**PROBLEM**
Give the data again exactly as written, skipping any pictures.

Data extracted from a collection:
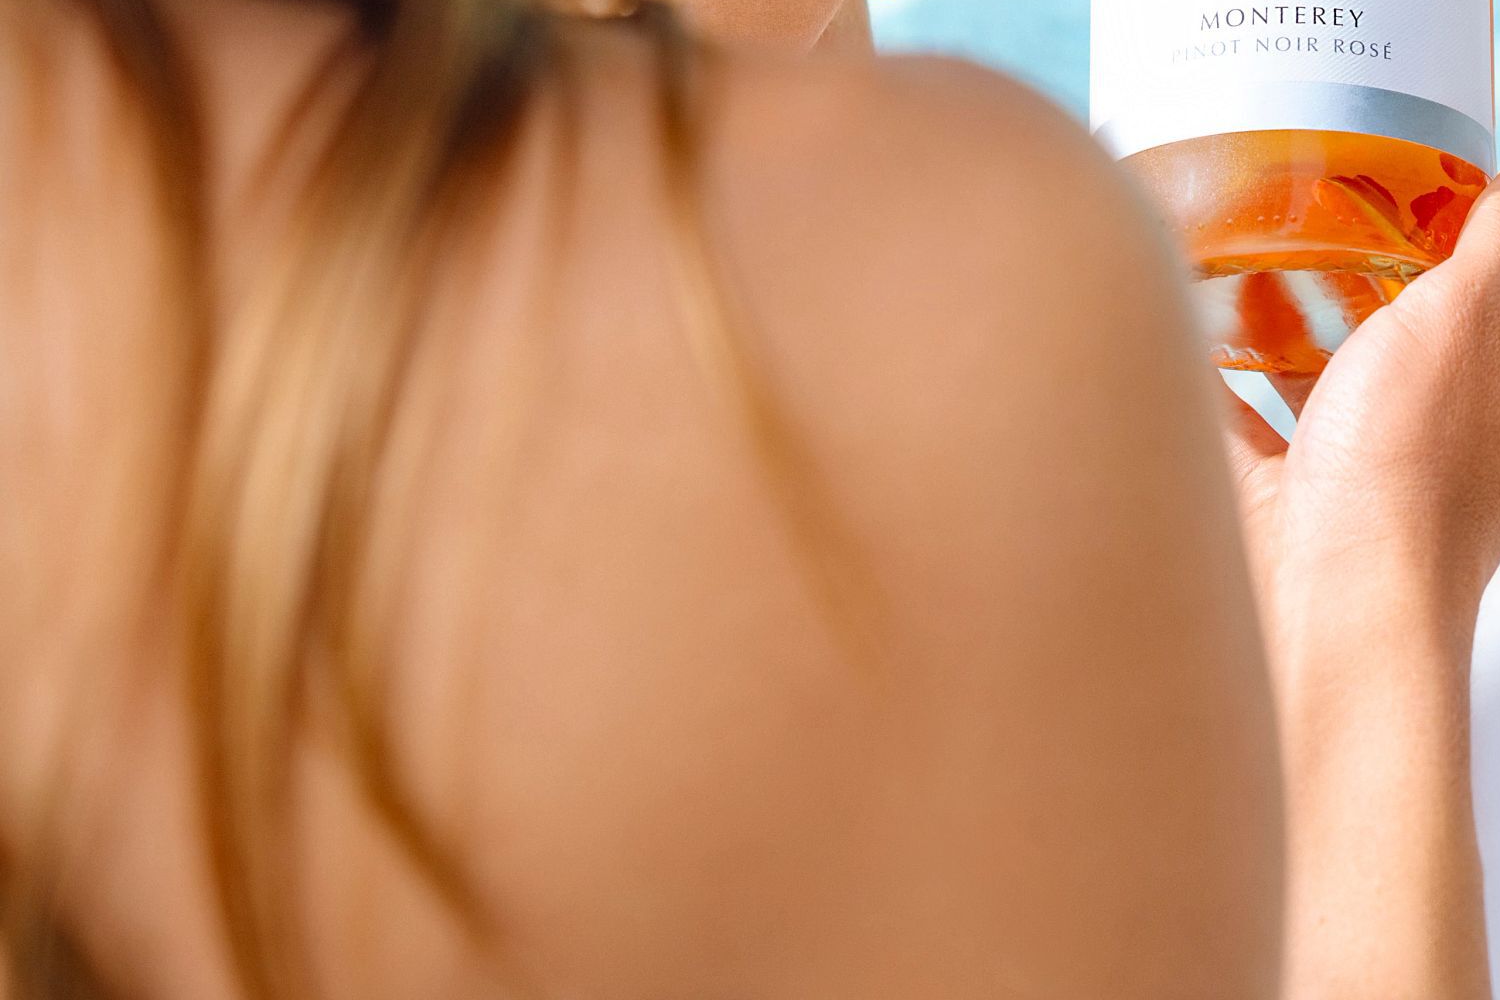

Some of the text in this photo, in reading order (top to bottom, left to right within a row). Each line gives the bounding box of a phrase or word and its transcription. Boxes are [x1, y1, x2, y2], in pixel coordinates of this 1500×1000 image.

[1201, 6, 1364, 31] MONTEREY
[1256, 36, 1319, 53] NOIR
[1334, 38, 1392, 60] ROSÉ
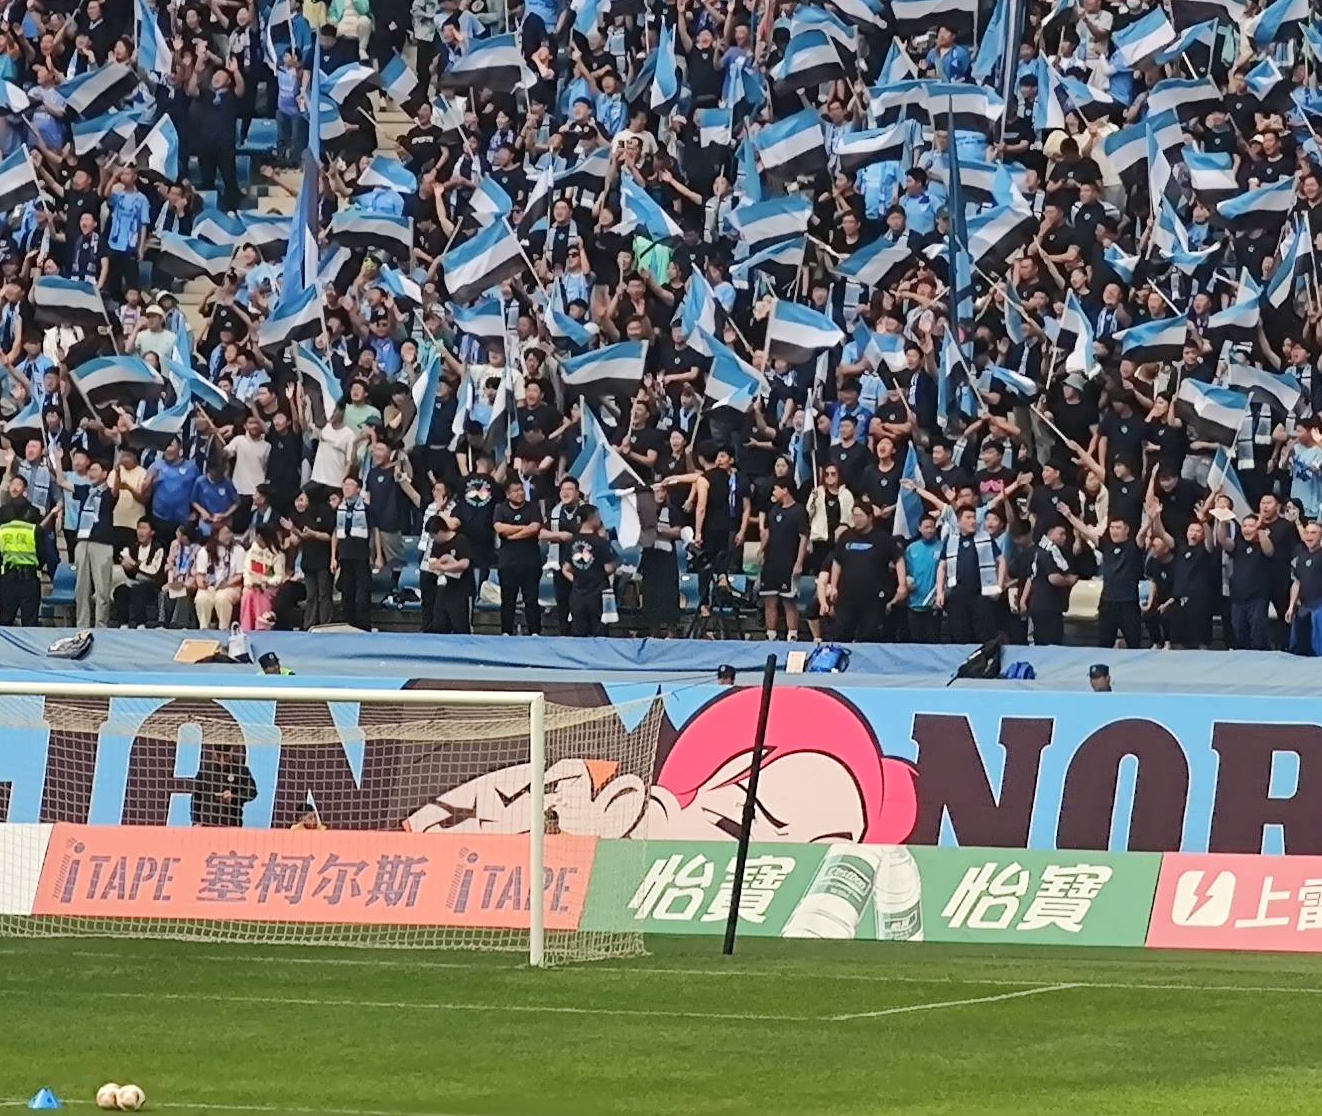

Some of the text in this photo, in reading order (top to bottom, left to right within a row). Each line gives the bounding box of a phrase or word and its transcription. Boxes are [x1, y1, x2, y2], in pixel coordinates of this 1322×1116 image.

[3, 532, 27, 545] 安保
[196, 849, 430, 908] 塞柯尔斯
[627, 853, 797, 924] 怡寶
[940, 860, 1113, 933] 怡寶
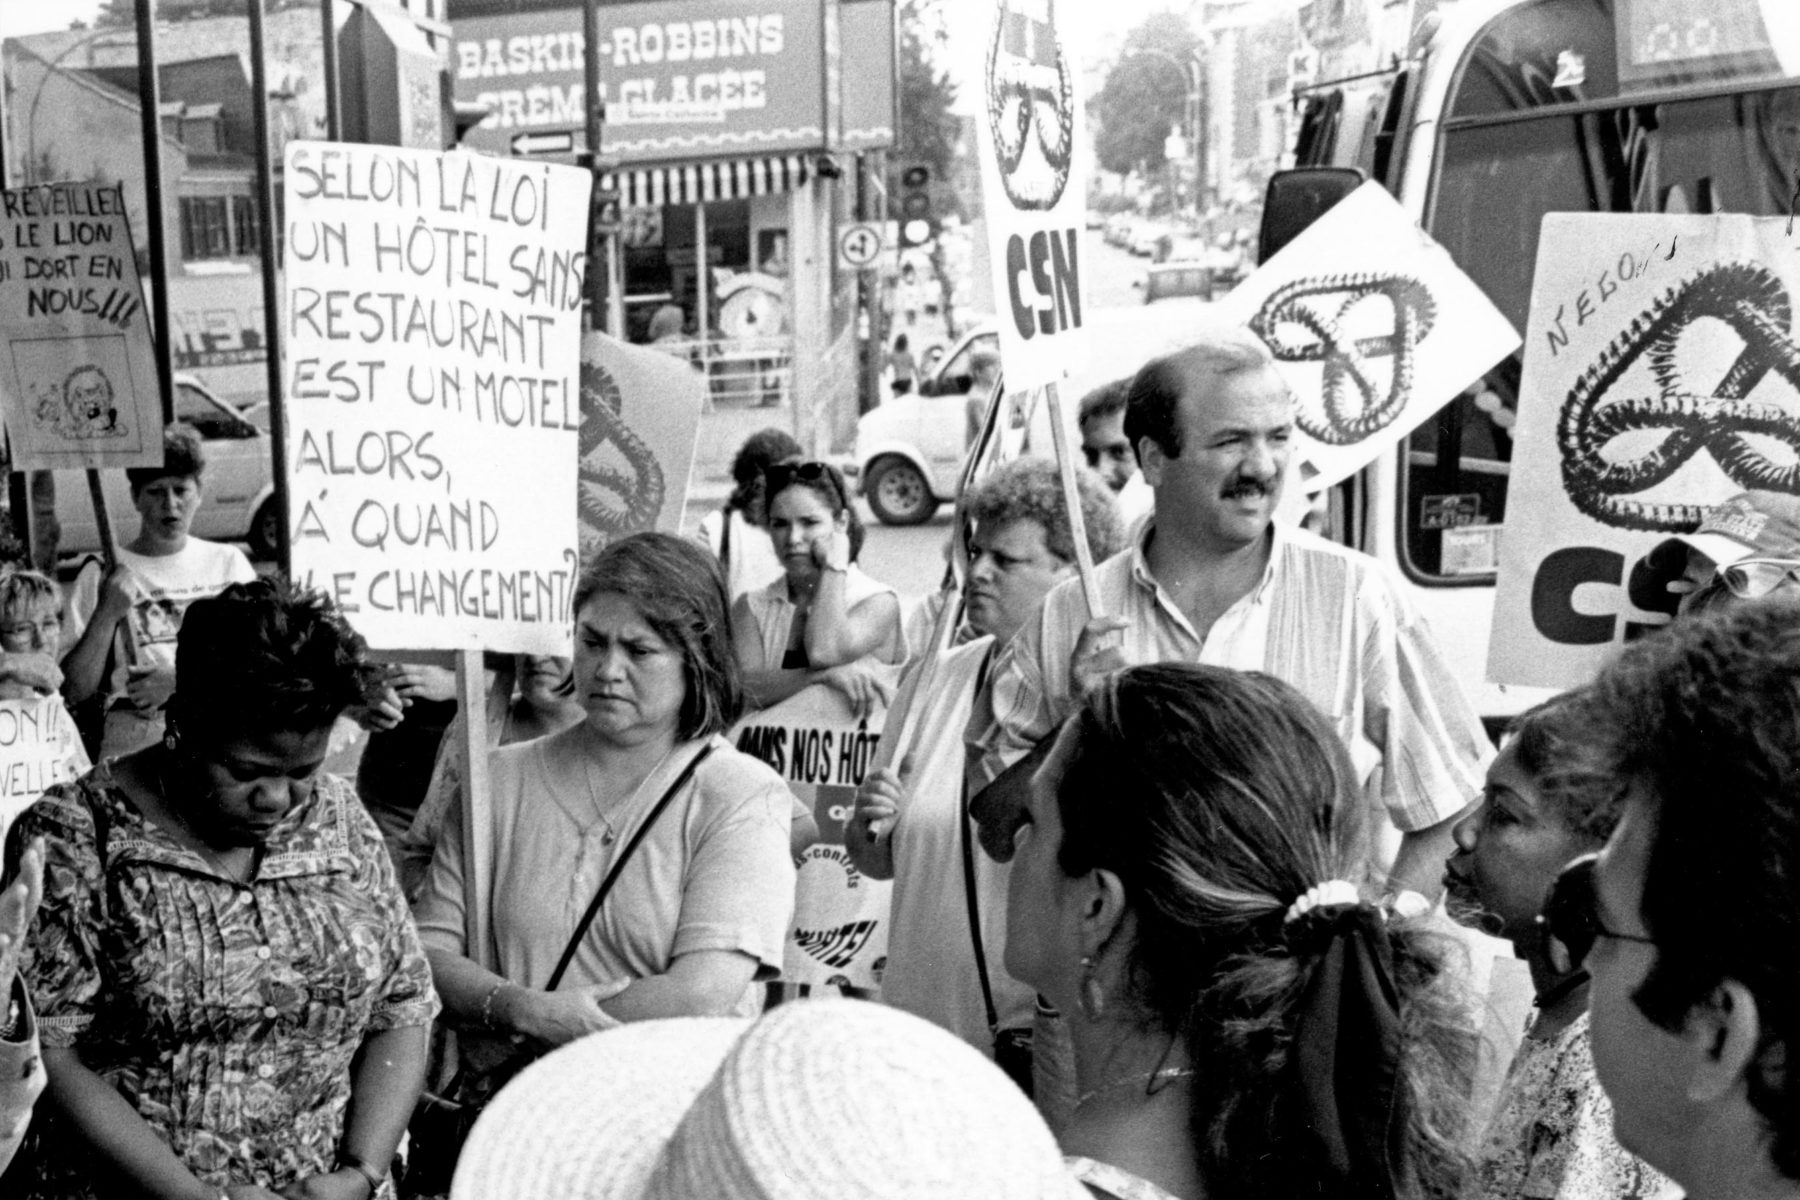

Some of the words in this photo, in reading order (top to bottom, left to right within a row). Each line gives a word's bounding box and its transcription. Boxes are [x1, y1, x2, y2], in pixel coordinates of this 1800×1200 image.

**SOLUTION**
Some of the text in this photo, in reading order (top to bottom, left to right within a row). Each line gives the bounding box of a phrase or word and its transcription. Boxes are [x1, y1, x2, y2], in pixel coordinates of this 1500×1000 image.

[1201, 6, 1364, 31] MONTEREY
[1256, 36, 1319, 53] NOIR
[1334, 38, 1392, 60] ROSÉ

Some of the text in this photo, in reading order (top to bottom, left to right within a row). Each line gives the bounding box of a phrase or word and its transcription. Boxes are [x1, y1, x2, y2], in pixel coordinates of this 1322×1116 image.

[3, 532, 27, 545] 安保
[196, 849, 430, 908] 塞柯尔斯
[627, 853, 797, 924] 怡寶
[940, 860, 1113, 933] 怡寶

Some of the words in this photo, in reading order (top to bottom, left to right within a row). Each line gives a word's bounding box and its transcription. Boxes are [x1, y1, x2, y2], in pixel coordinates of this 1800×1200 image.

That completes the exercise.